It is evident, from the foregoing that the law now under consideration is far from being clearly an act of a general nature; and hence the want of universal operation territorially throughout the state is not manifestly fatal to its validity. The legislature may well have been actuated in passing this law by consideration of local conditions which require a longer time for the preparation of the duplicate and the receipt of taxes in a county containing a city of the magnitude of Cleveland. -Revised Statutes 2863 (Lan. 4322) also recognizing this situation, gives the auditor forty days more in this county for the de*677livery to the treasurer of his duplicate than is given in other counties. Revised Statutes 2864 (Lan. 4323), gives him a fortnight longer to prepare and publish his delinquent land list. The statutes abound in other like exceptions. Much and grievous harm might easily result not only to the local taxpayers and to this community generally, but even to the integrity of the taxation system in the state, if the courts were to declare as a matter of law that the legislature could and should have passed adequate general laws of uniform operation throughout the state on the subject of the time and manner of receiving payment of taxes in each and every county, great and small alike. No inconvenience can result to the public from a judicial recognition of the sound discretion of the legislature in thus interpreting its own constitutional duty in this behalf.
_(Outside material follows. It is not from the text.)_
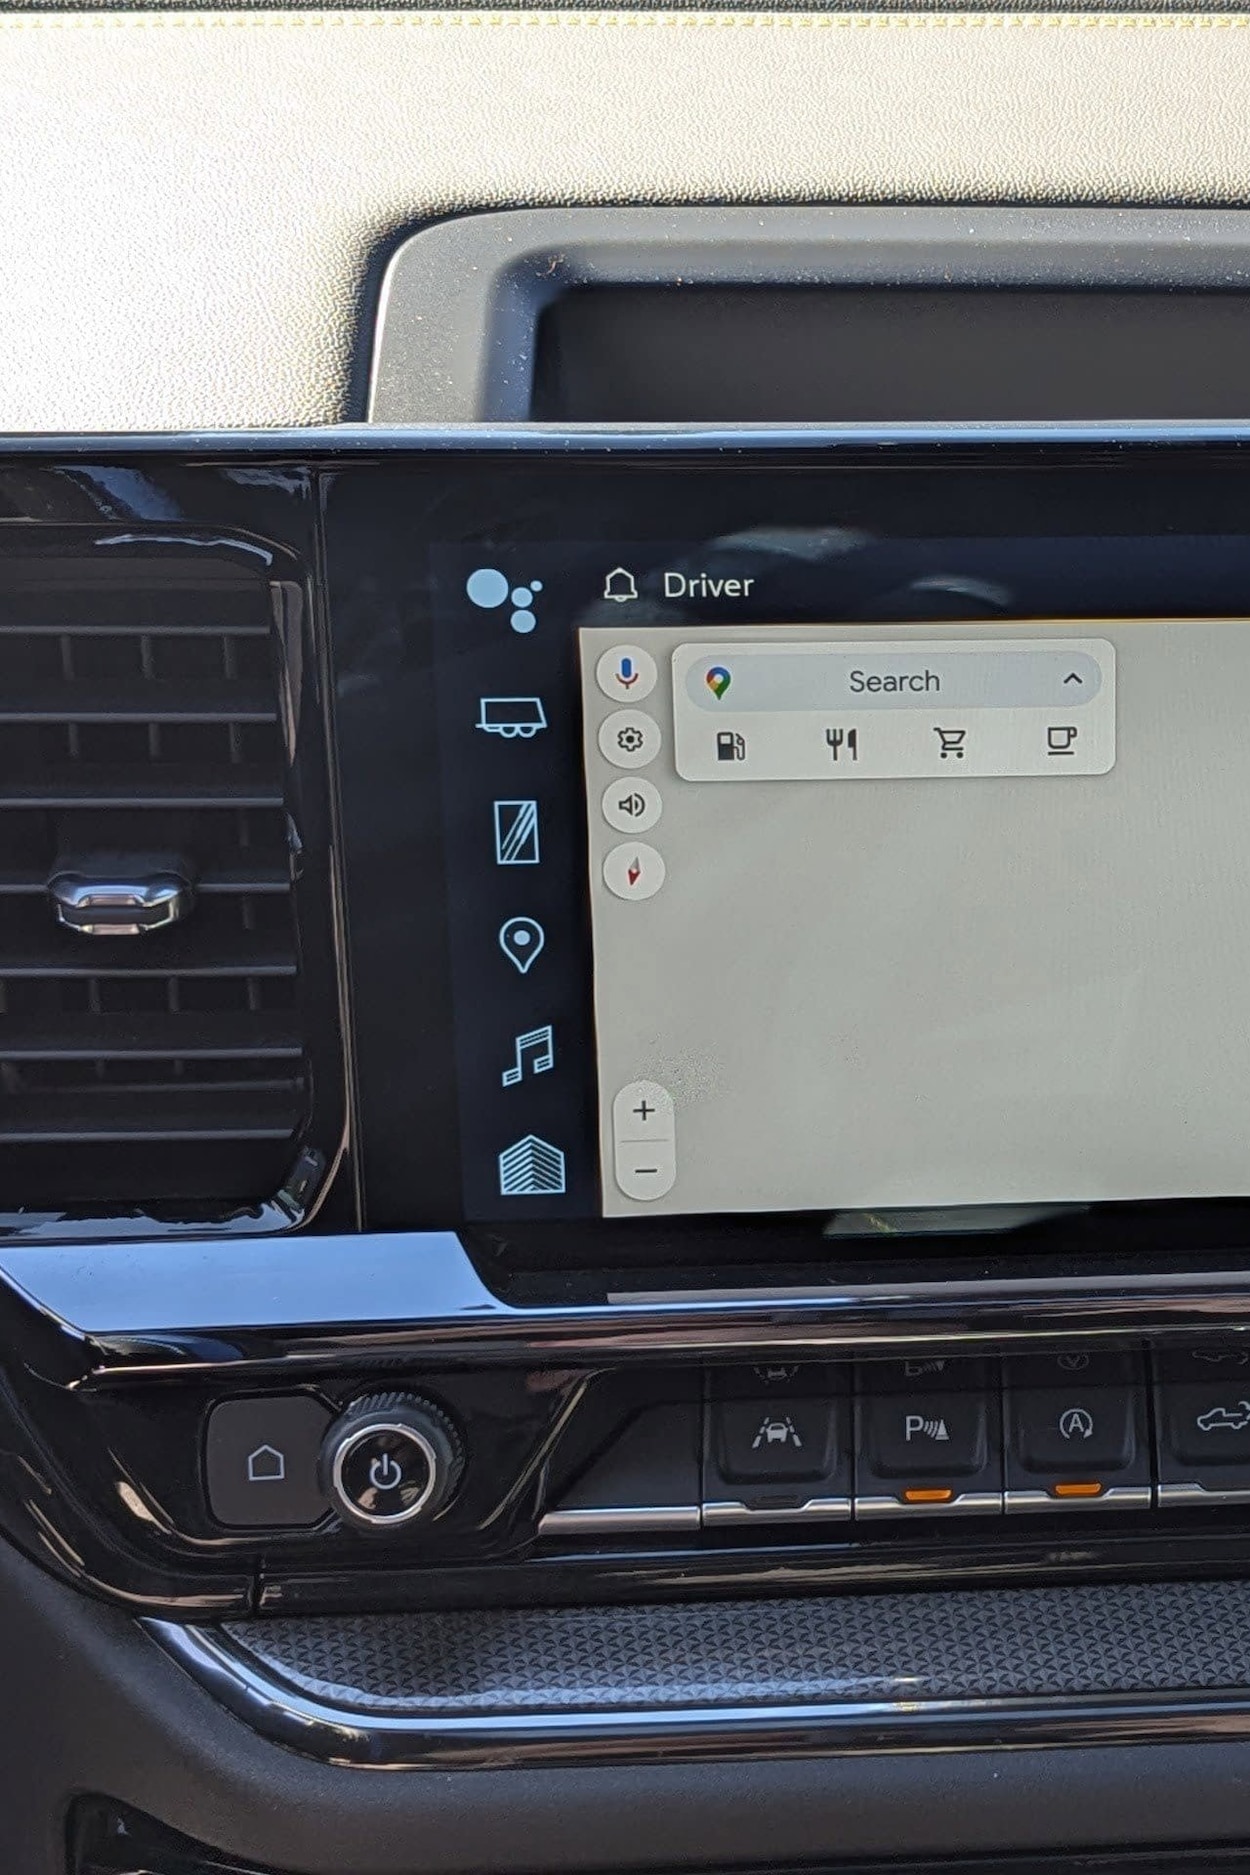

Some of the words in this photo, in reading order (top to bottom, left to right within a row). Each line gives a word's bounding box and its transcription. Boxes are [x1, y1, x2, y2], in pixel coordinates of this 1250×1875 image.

The rule of interpretation laid down for the courts is thus expressed by Spear, J., in Marmet v. State, 45 Ohio St. 63 [12 N. E. Rep. 463], at page 64:

“If the law, as to the provisions involved in this inquiry, is shown to be clearly, palpably in conflict with the constitution,' so that there is no doubt or hesitancy in the mind of the court, it should be so held. But if there be any doubt upon the subject, that should be solved in favor of the law, and the court should decline to interfere.”

Holding the views thus expressed we are of the opinion that the demurrer to the petition should be overruled, and it will be overruled, and a mandatory writ will be issued as prayed for, provided the plaintiff cares to avail himself of the right to amend his petition by inter-lineation so as to include an express allegation of the admitted fact that Cuyahoga county was a county containing a city of the first elassP second grade, at the time this law was made.

Winch and Henry, JJ., concur.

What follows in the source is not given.